The facility will have a term of 12 months. The facility is expected to be repaid from the proceeds of the sale of four townhouses in another development project (14 Fontainebleau Street, Sans Souci 2219), unrelated to the Property securing the Facility. The Facility is thus effectively a bridging facility pending the sponsor securing such sales.
The completion and marketing of these townhouses is imminent and the sponsor is required to inform Peer Estate of the sale of each townhouse (upon signing of each Contract of Sale) and 100% of the net settlement proceeds of the sale of each of these townhouses are to be applied (firstly) to reducing the loan provided by the (Sans Souci) first mortgage holder and (secondly) the loan from Peer Estate (secured by first mortgage over the Granville property). We may consider and require a lesser % of net sale proceeds be applied to debt reduction once the LVR of the Peer Estate loan is below 60%.
Granville is a suburb approximately 23 kilometres west of the Sydney CBD. The surrounding development includes fringe commercial, medium-density mixed uses and single residential uses fronting Woodville Road with low-density residential uses fronting William Street. The Granville commercial centre and railway station are located approximately 1.2 kilometres east of the subject property.
An independent valuation was completed on the 8th of August 2019 under instruction from Peer Estate.

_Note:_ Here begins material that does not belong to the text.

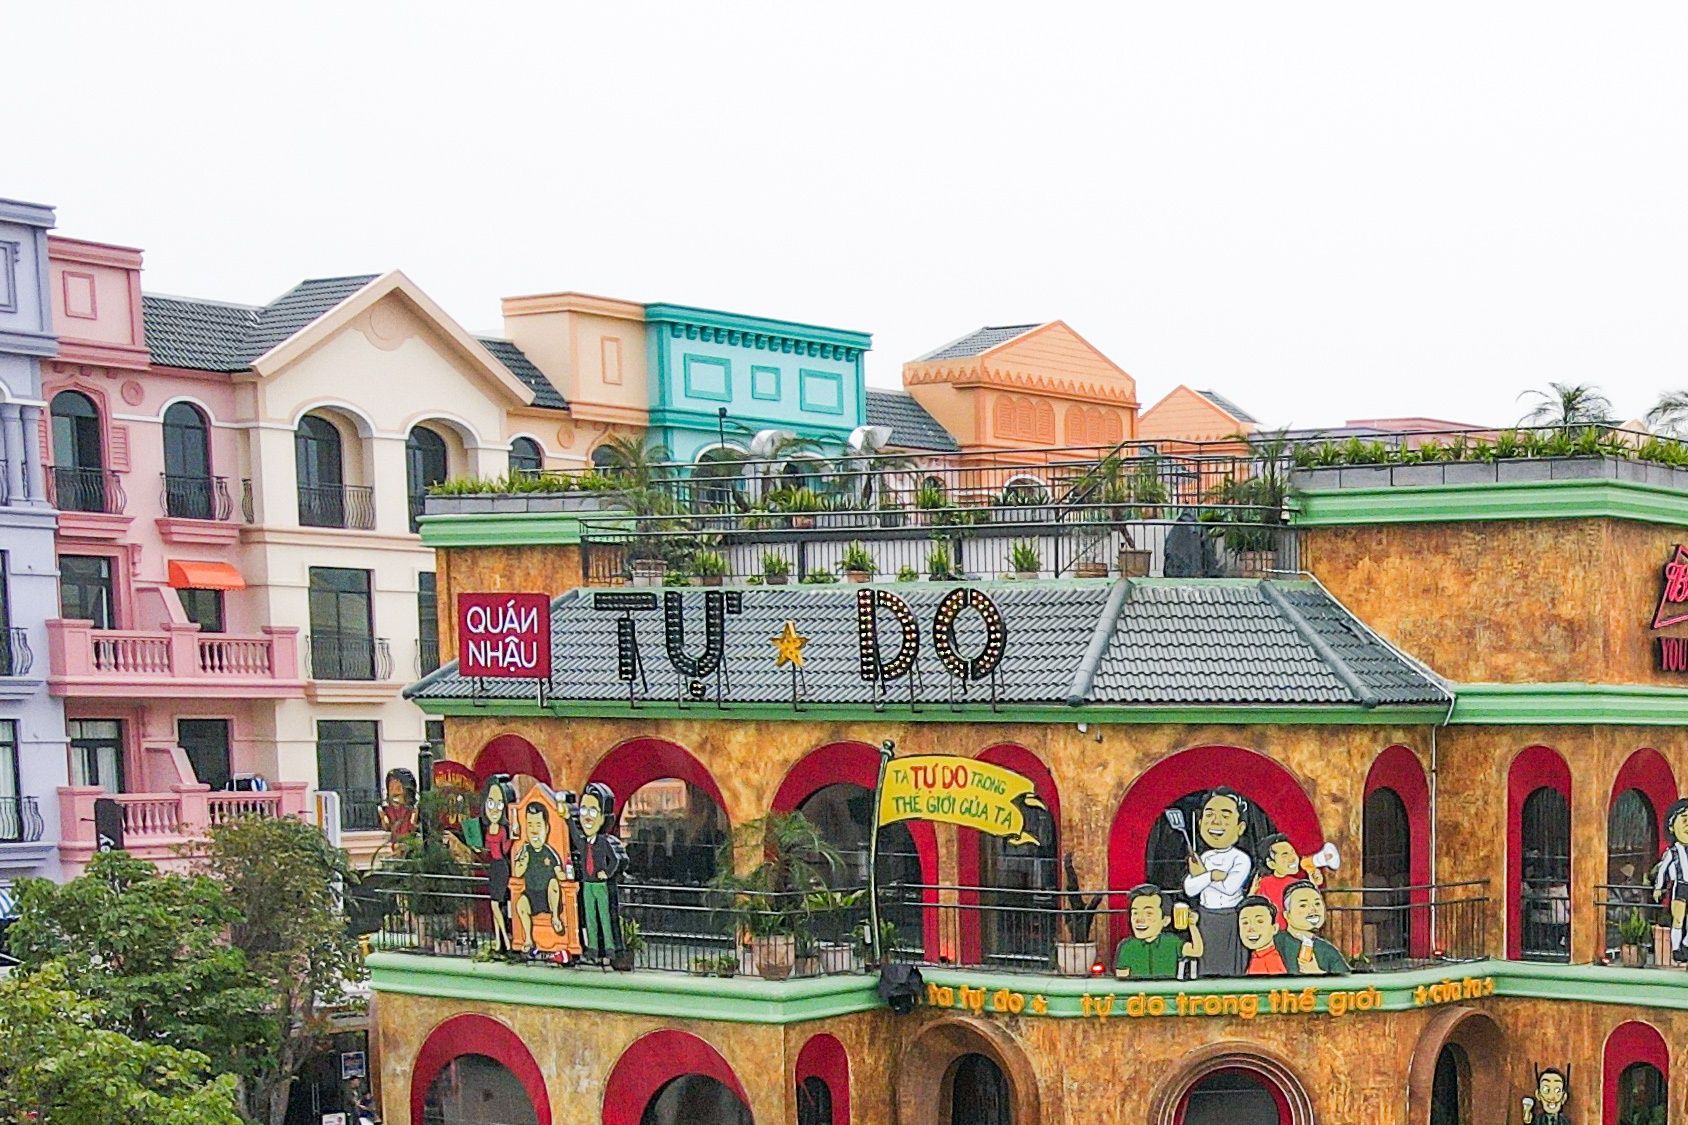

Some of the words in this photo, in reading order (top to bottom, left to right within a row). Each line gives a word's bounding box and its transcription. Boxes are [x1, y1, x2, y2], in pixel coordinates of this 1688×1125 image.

The valuer confirms that the subject property is a corner parcel having three lots and is located approximately 2.5 kilometres south of Parramatta Road with frontage to both Woodville Road and William Street. There is currently a dwelling which is in the process of being renovated. This dwelling has not been included in the calculations for the valuation used by Peer Estate.
The property was purchased in September 2016 for $3.76 million with development approval ('DA’) for a 39-room boarding house. The sponsors have advised that they are not interested in the DA as they believe it detracts from the property’s ultimate value. The property comprises 3 lots and the sponsors intend to apply for the rezoning of the two residential lots to mirror the same B1 Neighbourhood Centre zoning of the third lot. If successful, this will be followed by a development application for a mixed-use project, which the sponsor feels is the best use of the subject property.
The property is currently leased to a building business that is using the property for storage of materials, plant and equipment, excavation vehicles and trucks. The current lease commenced in September 2018 and has a three-year term with a further three-year option period. The valuer has confirmed that the rental income is consistent with current market levels.
The main sponsor was born and raised in Vietnam and came to Australia in the mid-2000s, where he is now a permanent resident. Since the age of 18, he has been active in his family’s residential property developments in Vietnam and has extended these activities to Australia where he has reportedly completed and sold a prestige waterfront residence in Blakehurst and a 10-room boarding house in the Sydney CBD.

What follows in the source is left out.